→ **WHAT IS EXPECTED**:
Print out each record below, unaltered and complete, without its images.

→ **RECORDS FOR THE TASK**:
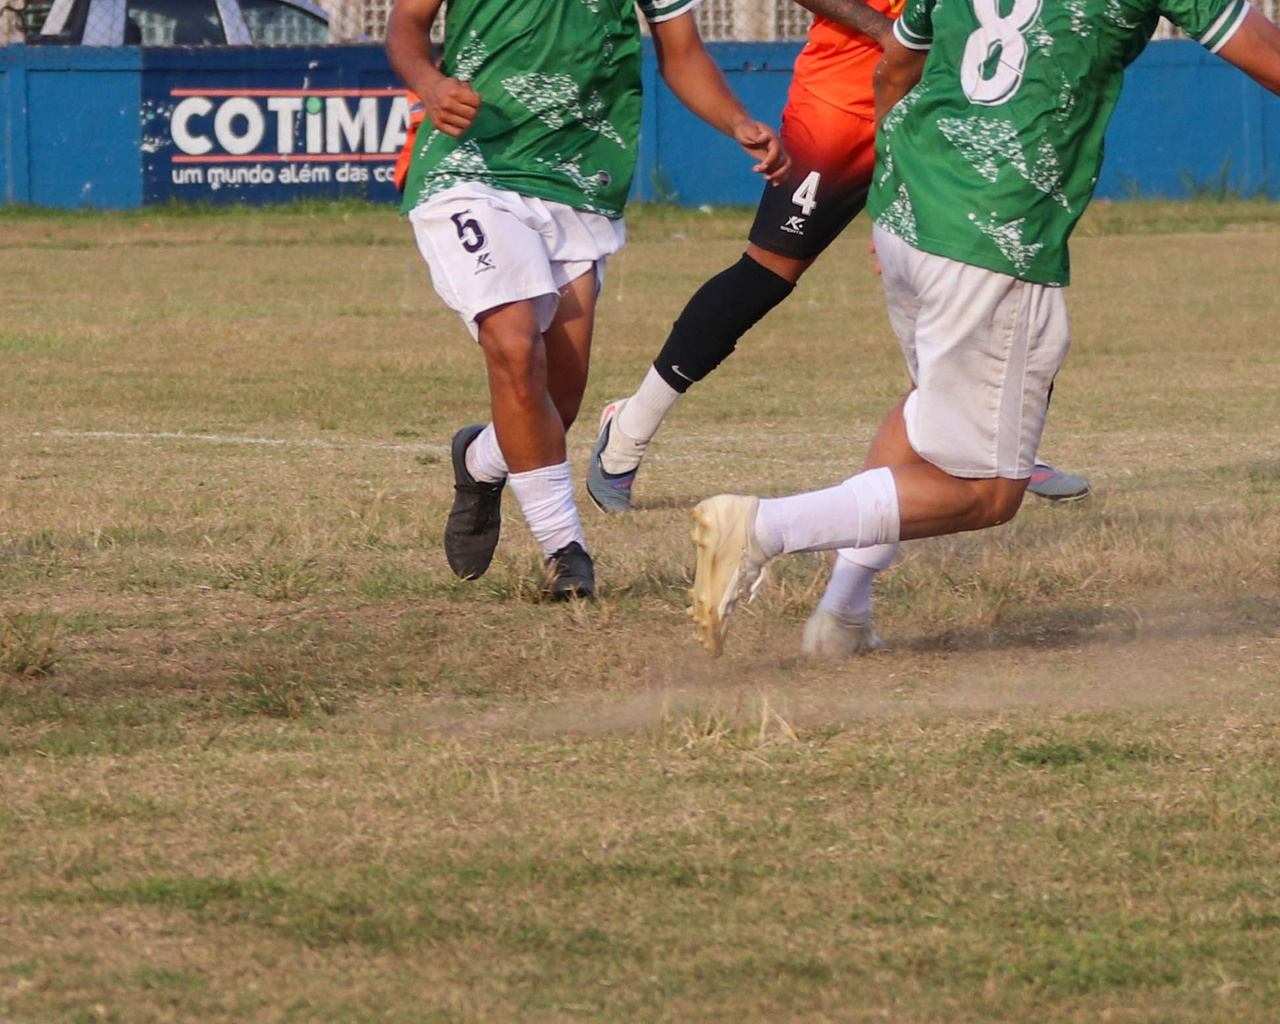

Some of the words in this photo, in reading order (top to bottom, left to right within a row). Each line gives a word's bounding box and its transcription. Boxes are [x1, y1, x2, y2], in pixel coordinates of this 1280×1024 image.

[172, 169, 201, 184] um
[207, 164, 274, 184] mundo
[278, 164, 330, 183] além
[335, 163, 368, 183] das
[792, 171, 821, 216] 4
[450, 209, 488, 253] 5
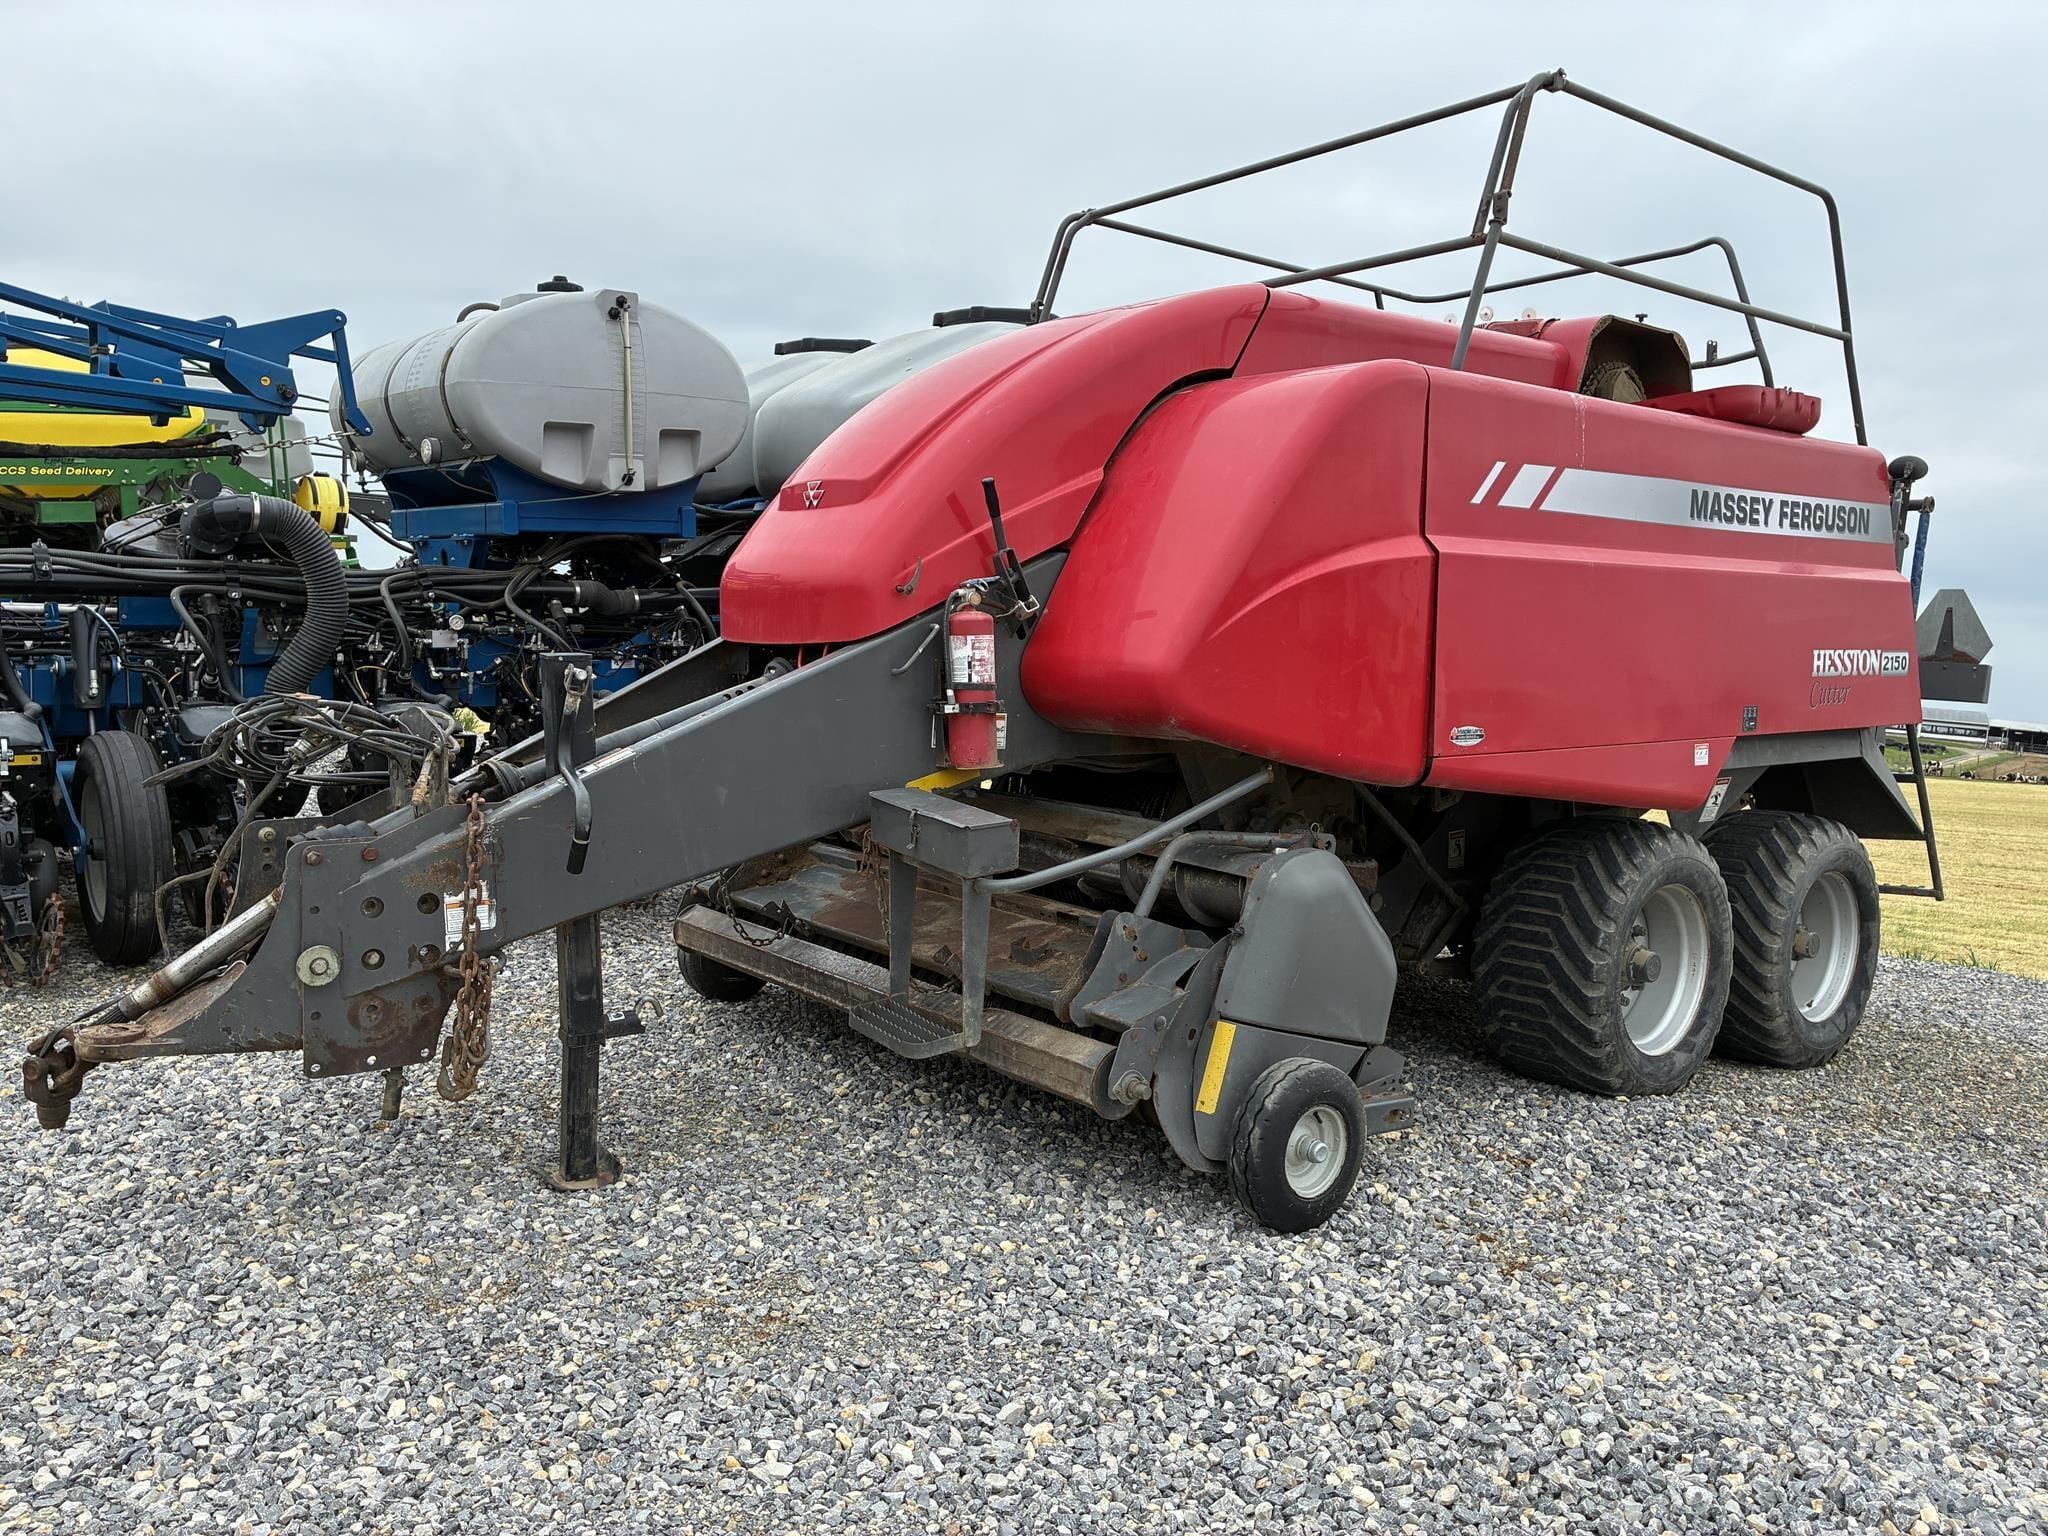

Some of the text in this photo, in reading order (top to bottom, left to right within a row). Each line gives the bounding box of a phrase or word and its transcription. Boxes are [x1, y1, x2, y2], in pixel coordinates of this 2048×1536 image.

→ **ANSWER TO THIS PROBLEM**:
Some of the words in this photo, in reading order (top to bottom, left to right within a row). Each line gives a word's bounding box and its transcription. Boxes are [x1, y1, x2, y2], in pixel coordinates of this 1280×1024 image.

[172, 169, 201, 184] um
[207, 164, 274, 184] mundo
[278, 164, 330, 183] além
[335, 163, 368, 183] das
[792, 171, 821, 216] 4
[450, 209, 488, 253] 5

Some of the text in this photo, in reading order (top to bottom, left to right within a row). Each line gives the bounding box of a phrase or word and its transcription. Boxes are [x1, y1, x2, y2], in pixel coordinates of this 2048×1536 image.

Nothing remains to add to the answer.